Lisa Kraus a une méthode bien particulière pour faire travailler les jeunes danseuses de l’Opéra de Paris qui ont été retenues pour le spectacle. Elle est toujours présente au milieu du groupe de danseuses. Son rôle n’est pas de regarder de l’extérieure et de corriger le moindre geste qui ne lui conviendrait pas. Elle est elle-même toujours en mouvement, répétant inlassablement le même déplacement et entraînant dans son propre élan les danseuses qui ne sont pas considérées comme des élèves mais qui s’approprient personnellement la chorégraphie de Trisha Brown. Et elle les félicite beaucoup créant ainsi un climat de confiance très sensible dans le film.

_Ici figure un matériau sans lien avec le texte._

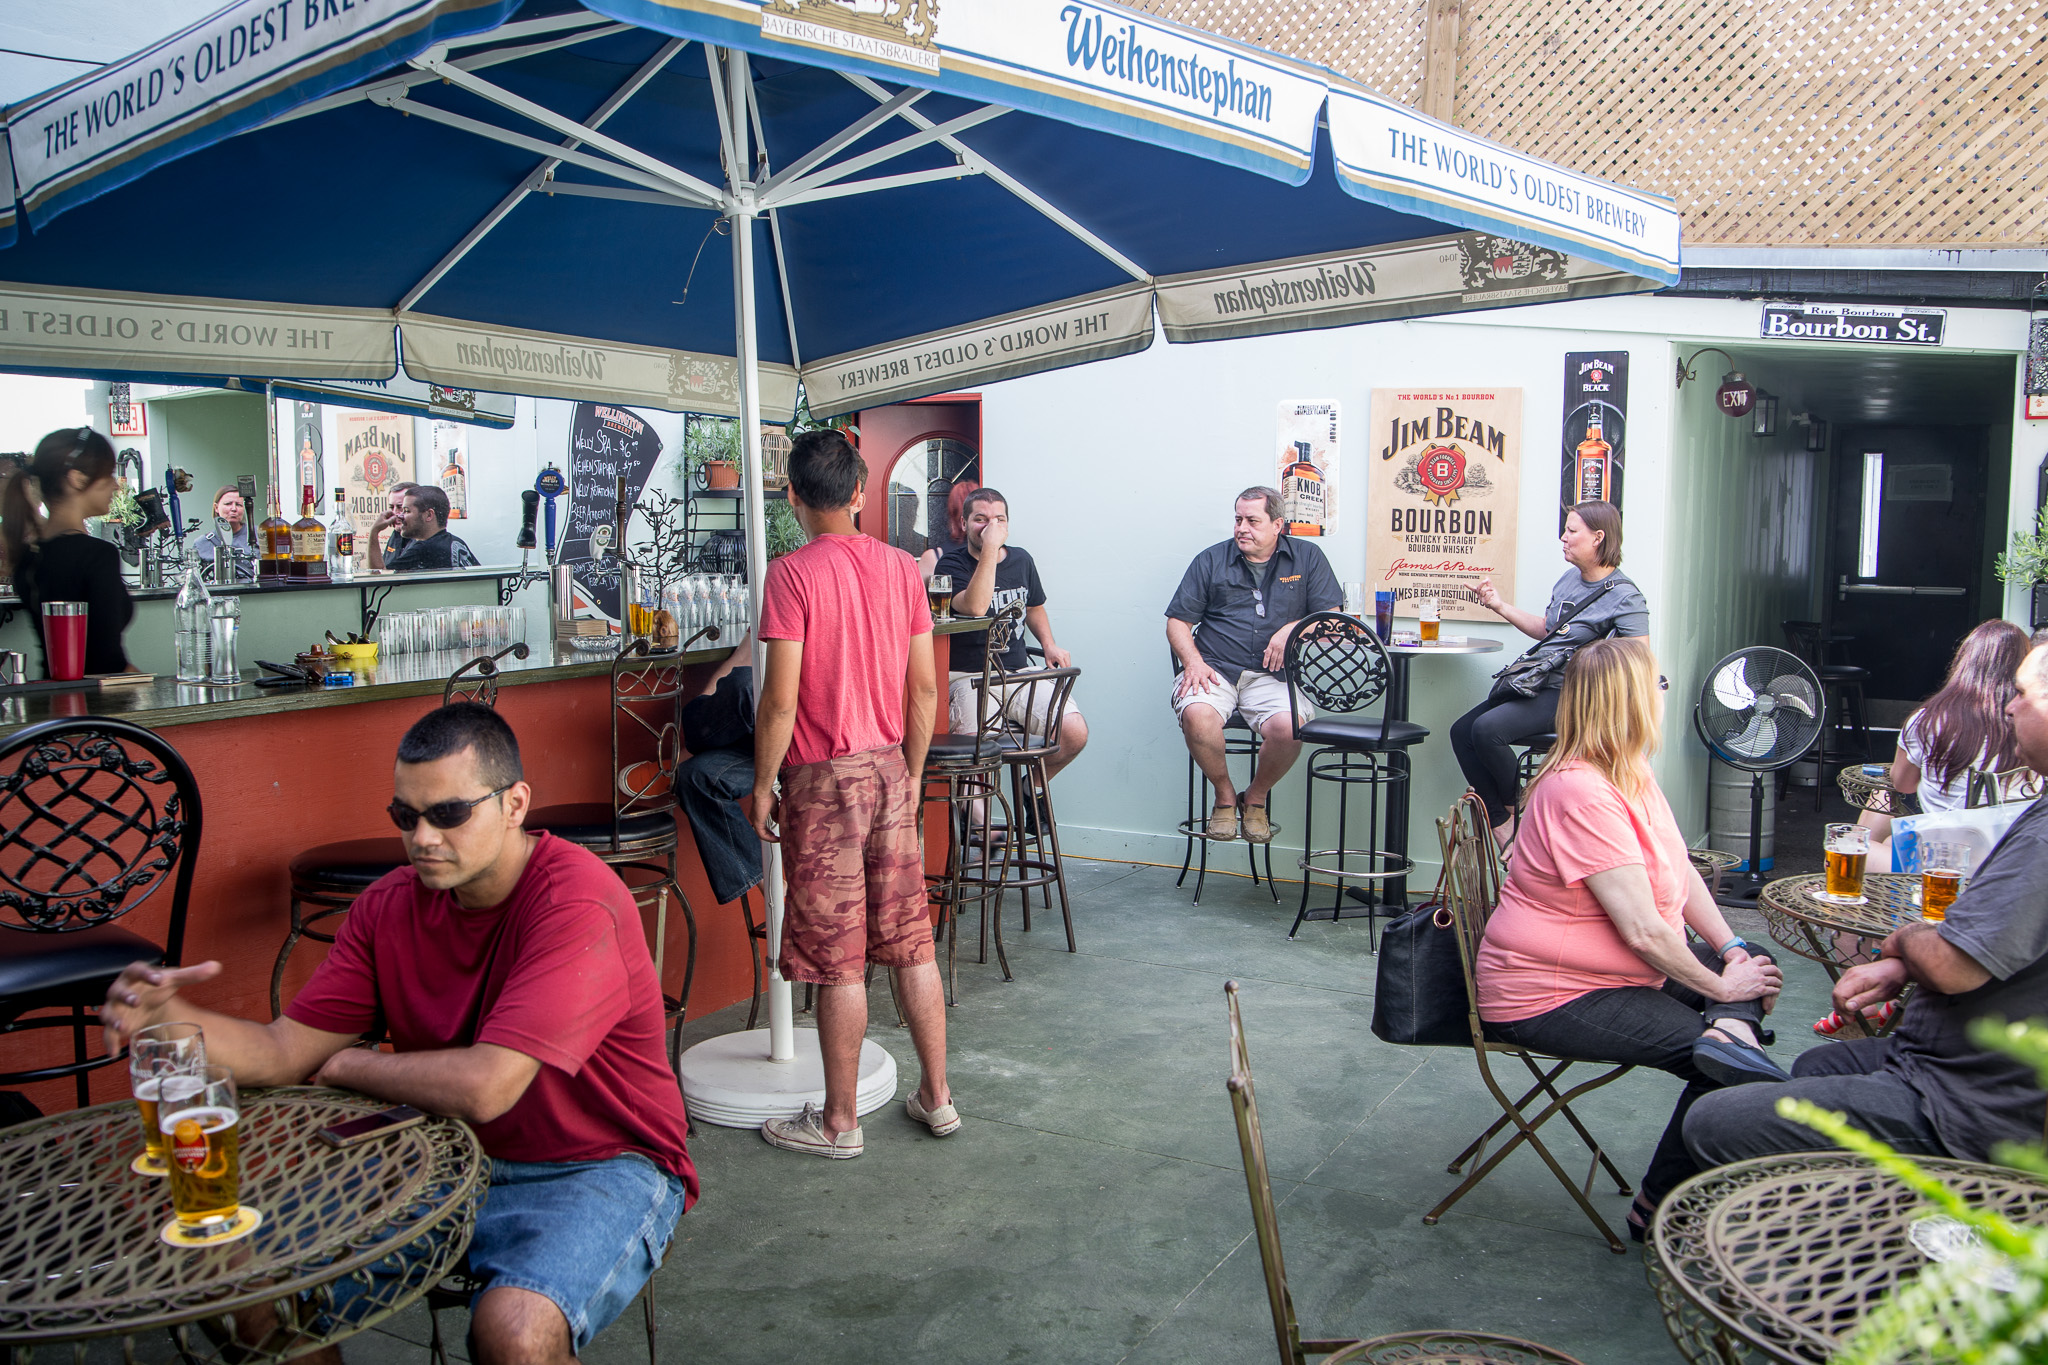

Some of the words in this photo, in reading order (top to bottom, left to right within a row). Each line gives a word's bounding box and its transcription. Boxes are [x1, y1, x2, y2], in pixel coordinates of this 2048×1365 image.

[762, 15, 839, 45] BAYERISCHE
[1060, 5, 1272, 123] Weihenstephan
[43, 110, 79, 159] THE
[193, 0, 293, 84] OLDEST
[1388, 127, 1428, 167] THE
[1433, 142, 1519, 195] WORLD'S
[1524, 175, 1583, 217] OLDEST
[1587, 199, 1647, 239] BREWERY
[1810, 307, 1835, 315] Rue
[1841, 308, 1895, 317] Bourbon
[1768, 314, 1888, 339] Bourbon
[1896, 318, 1936, 341] St.
[1579, 362, 1593, 375] JIM
[1593, 359, 1614, 374] BEAM
[1582, 383, 1610, 392] BLACK
[1722, 390, 1749, 408] EXIT
[595, 406, 644, 435] WELLINGTON
[1329, 410, 1337, 421] 100
[606, 420, 631, 435] BREWERY
[1329, 423, 1337, 444] PROOF
[1382, 416, 1431, 462] JIM
[1435, 407, 1506, 462] BEAM
[1436, 462, 1449, 477] B
[1297, 477, 1321, 496] KNOB
[1299, 493, 1324, 504] CREEK
[1391, 508, 1492, 535] BOURBON
[1405, 534, 1442, 544] KENTUCKY
[1443, 535, 1477, 545] STRAIGHT
[1408, 544, 1441, 553] BOURBON
[1442, 545, 1474, 554] WHISKEY
[1420, 588, 1440, 598] BEAM
[1441, 589, 1479, 604] DISTILLING
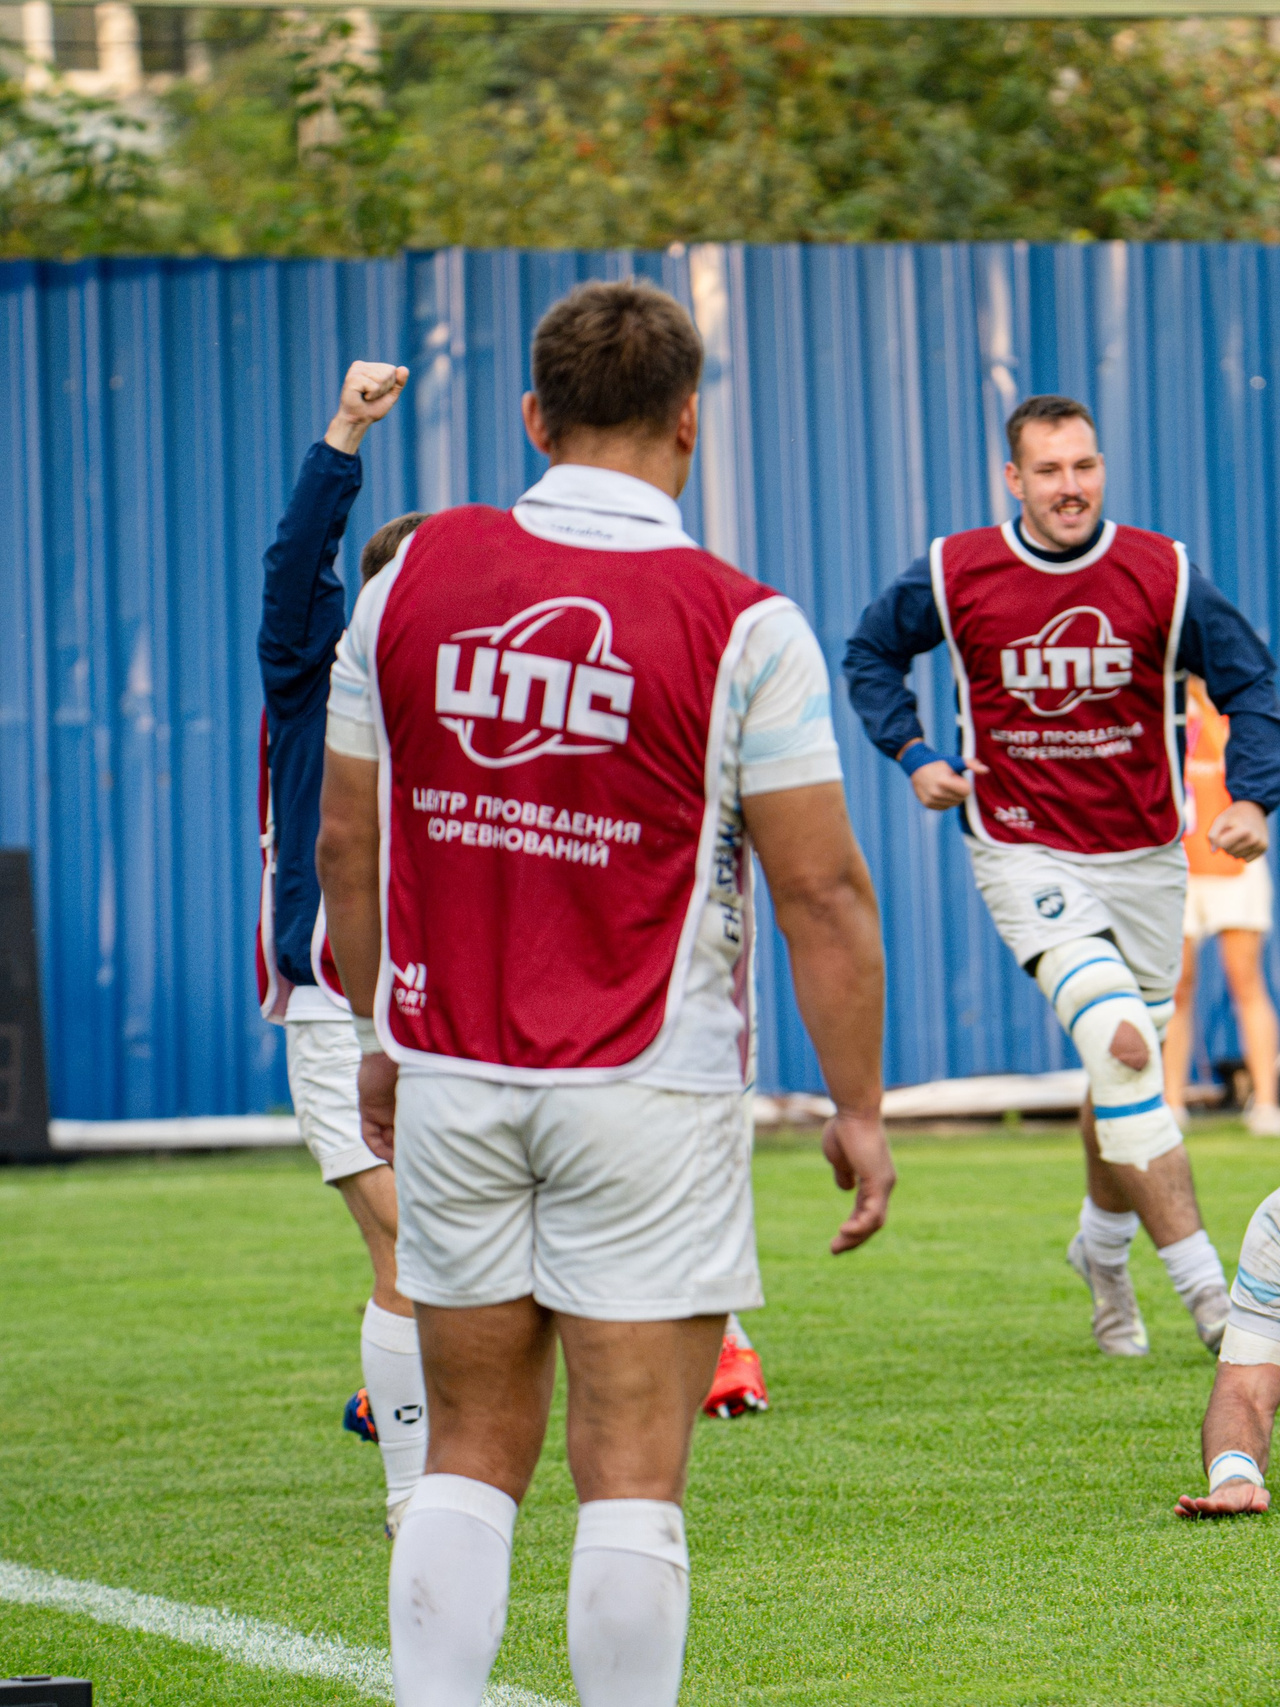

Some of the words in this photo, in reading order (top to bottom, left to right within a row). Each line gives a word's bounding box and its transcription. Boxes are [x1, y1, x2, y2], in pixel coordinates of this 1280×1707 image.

Il existe une vidéo de Trisha Brown dansant Glacial Decoy et nous en voyons quelques extraits. De bien courts extraits. Car l’accent est plutôt mis sur sa recréation à l’Opéra de Paris. Les mêmes costumes, de longues robes blanches dans du tissu transparent, et une reprise du décor initial dû à Rauchenberg, des photos en noir et blancs d’animaux ou d’objets hétéroclites. Une deuxième vie pour l’œuvre de Trisha Brown qui lui ouvre les portes de l’éternité.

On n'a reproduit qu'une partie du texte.